[Source data — start]
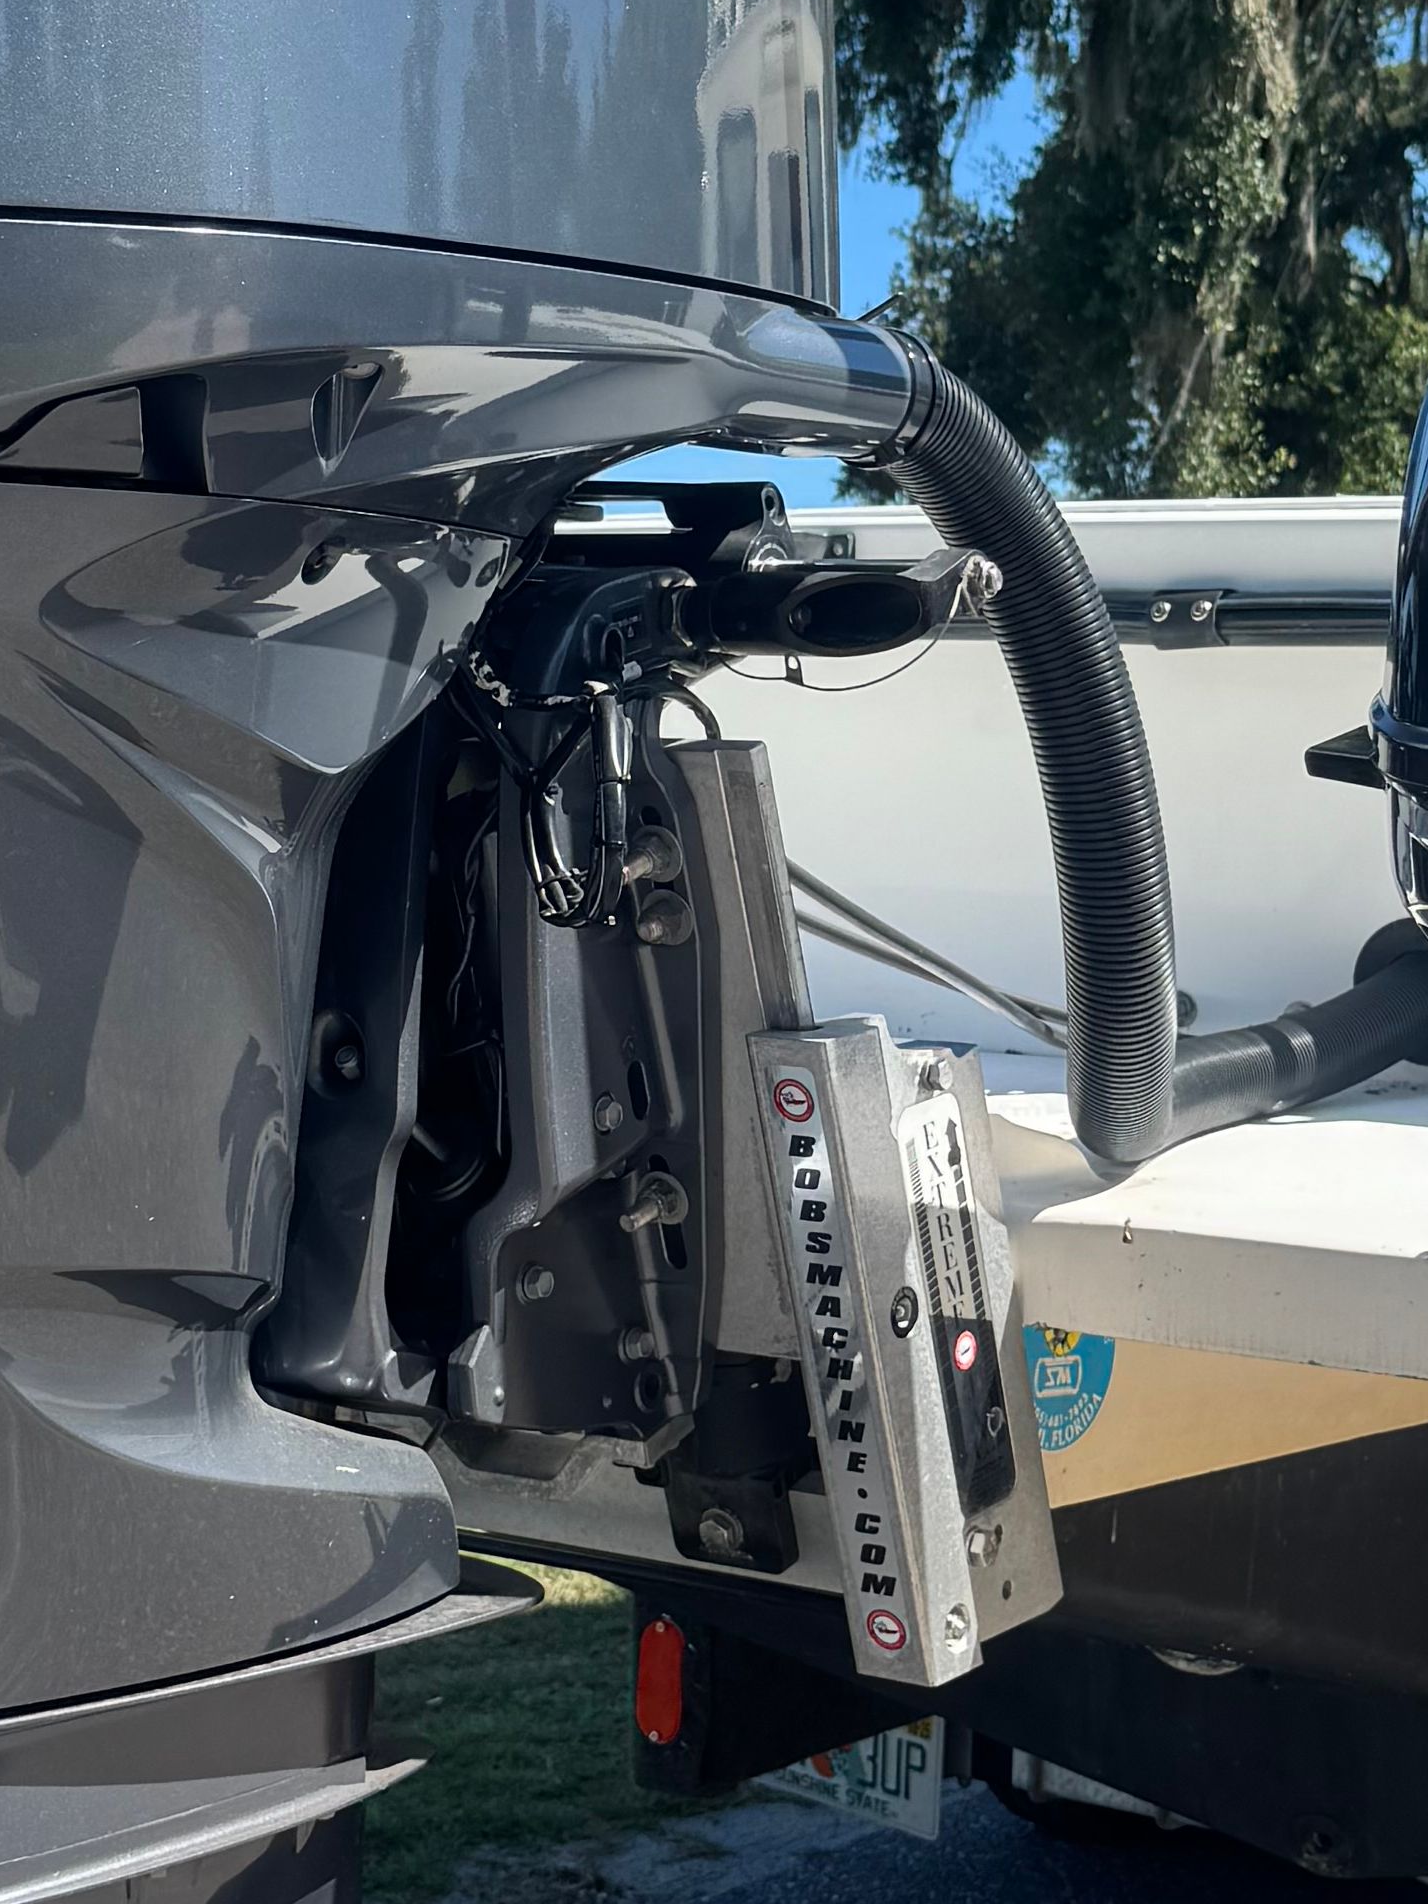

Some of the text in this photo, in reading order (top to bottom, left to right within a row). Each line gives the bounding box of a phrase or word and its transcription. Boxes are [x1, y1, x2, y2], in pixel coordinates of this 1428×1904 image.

[789, 1134, 897, 1597] BOBSMACHINE.COM
[1051, 1393, 1102, 1448] FLORIDA
[845, 1787, 891, 1818] STATE
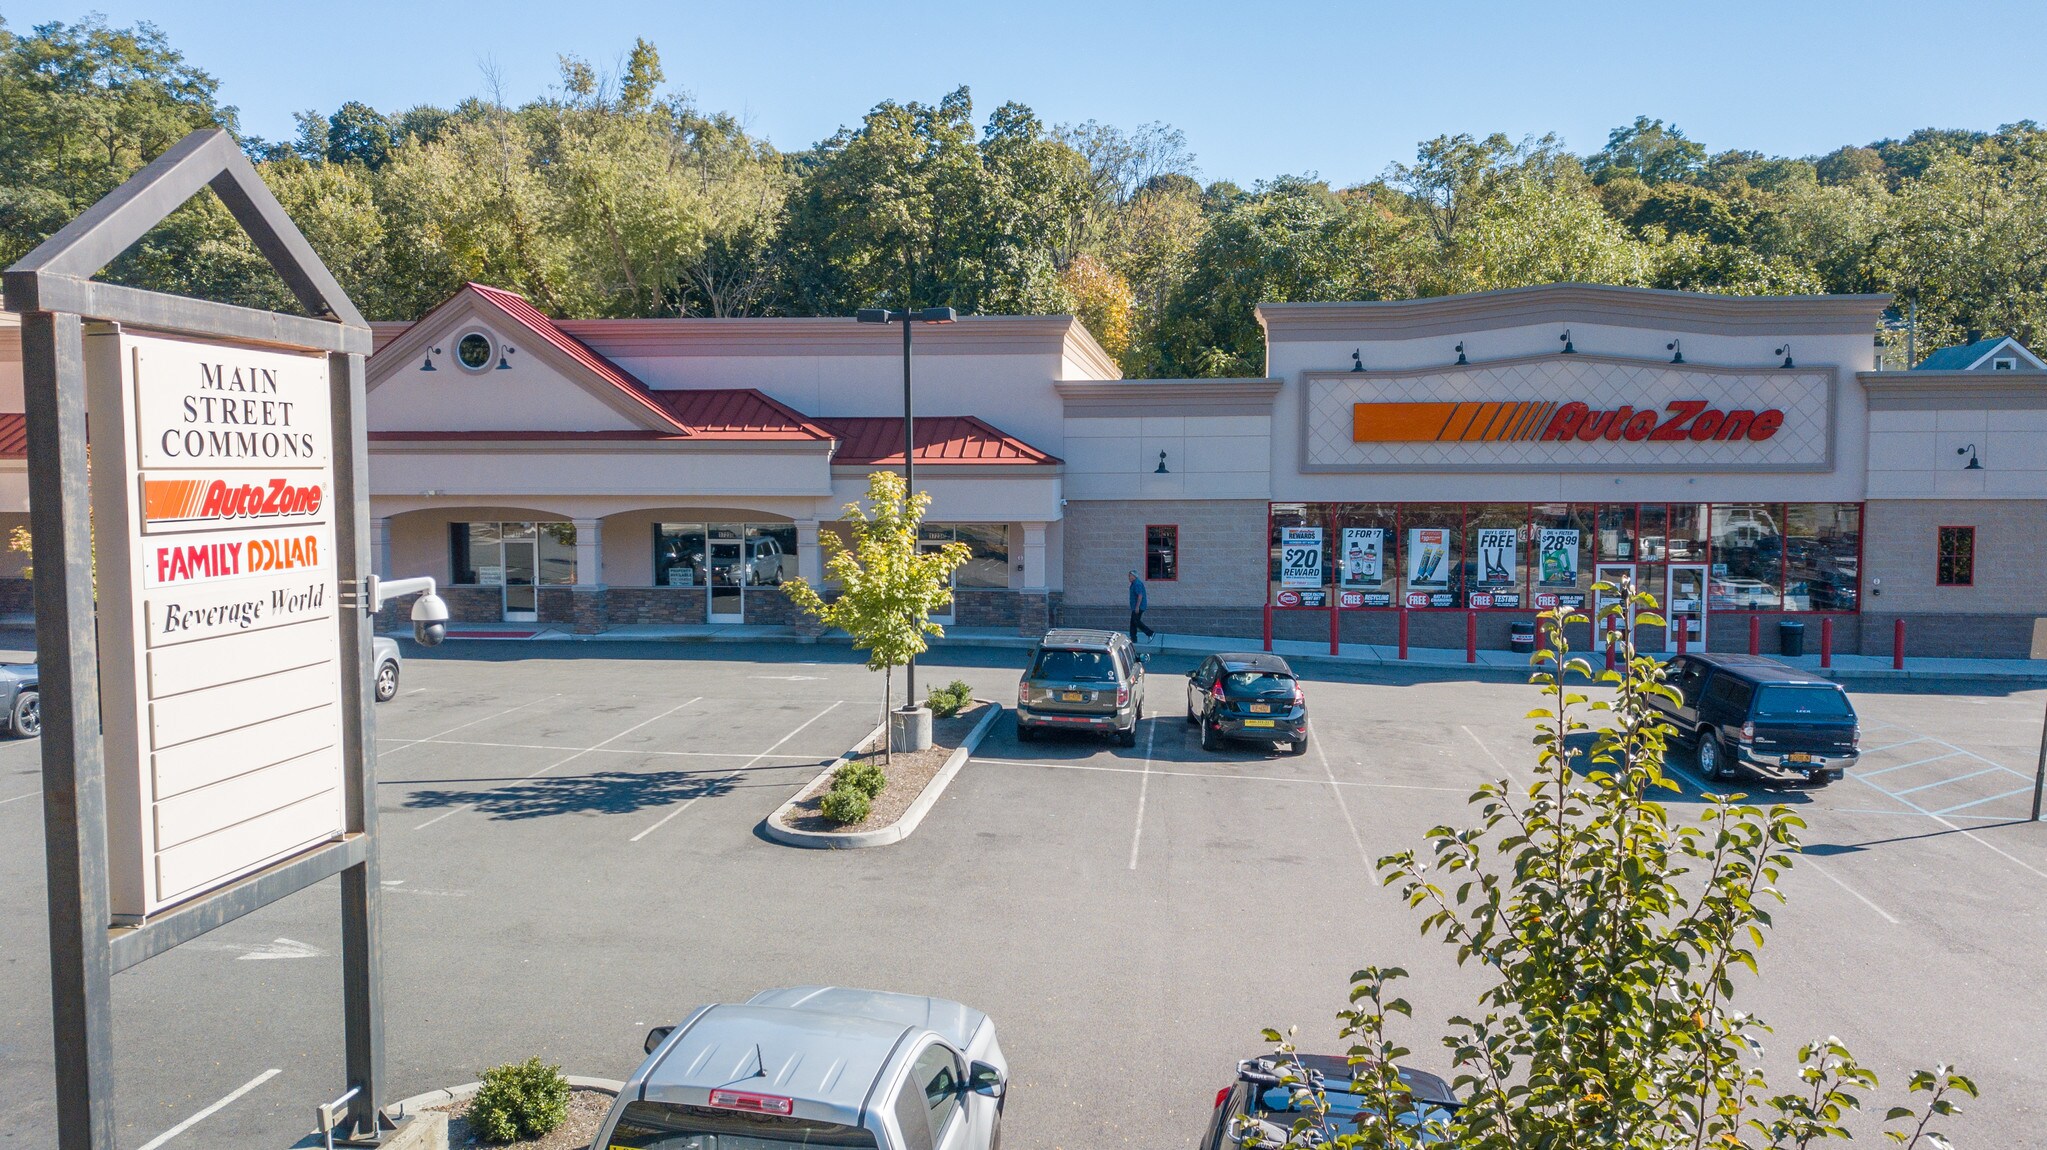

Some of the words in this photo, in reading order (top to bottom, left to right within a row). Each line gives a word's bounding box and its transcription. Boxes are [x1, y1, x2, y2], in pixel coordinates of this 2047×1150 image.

[200, 362, 277, 394] MAIN
[183, 395, 293, 427] STREET
[1540, 400, 1785, 442] AutoZone
[161, 428, 314, 458] COMMONS
[200, 478, 322, 518] AutoZone
[1347, 530, 1354, 538] 2
[1355, 530, 1372, 538] FOR
[1373, 530, 1382, 538] $7
[1480, 534, 1515, 548] FREE
[157, 542, 242, 582] FAMILY
[247, 535, 318, 573] DOLLAR
[1285, 548, 1319, 569] $20
[1283, 568, 1320, 577] REWARD
[1343, 594, 1361, 604] FREE
[1410, 595, 1427, 605] FREE
[1473, 595, 1491, 605] FREE
[1494, 595, 1519, 603] TESTING
[1538, 596, 1556, 606] FREE
[162, 598, 264, 633] Beverage
[271, 583, 325, 616] World
[Source data — finish]
Exercise aim.
Where a picture appears in the material above, skip it, and print the rest exactly.

Result of the exercise.
Some of the text in this photo, in reading order (top to bottom, left to right within a row). Each line gives the bounding box of a phrase or word and its transcription. Boxes are [x1, y1, x2, y2], in pixel coordinates of this 1428×1904 image.

[789, 1134, 897, 1597] BOBSMACHINE.COM
[1051, 1393, 1102, 1448] FLORIDA
[845, 1787, 891, 1818] STATE

Some of the words in this photo, in reading order (top to bottom, left to right within a row). Each line gives a word's bounding box and its transcription. Boxes are [x1, y1, x2, y2], in pixel coordinates of this 2047×1150 image.

[200, 362, 277, 394] MAIN
[183, 395, 293, 427] STREET
[1540, 400, 1785, 442] AutoZone
[161, 428, 314, 458] COMMONS
[200, 478, 322, 518] AutoZone
[1347, 530, 1354, 538] 2
[1355, 530, 1372, 538] FOR
[1373, 530, 1382, 538] $7
[1480, 534, 1515, 548] FREE
[157, 542, 242, 582] FAMILY
[247, 535, 318, 573] DOLLAR
[1285, 548, 1319, 569] $20
[1283, 568, 1320, 577] REWARD
[1343, 594, 1361, 604] FREE
[1410, 595, 1427, 605] FREE
[1473, 595, 1491, 605] FREE
[1494, 595, 1519, 603] TESTING
[1538, 596, 1556, 606] FREE
[162, 598, 264, 633] Beverage
[271, 583, 325, 616] World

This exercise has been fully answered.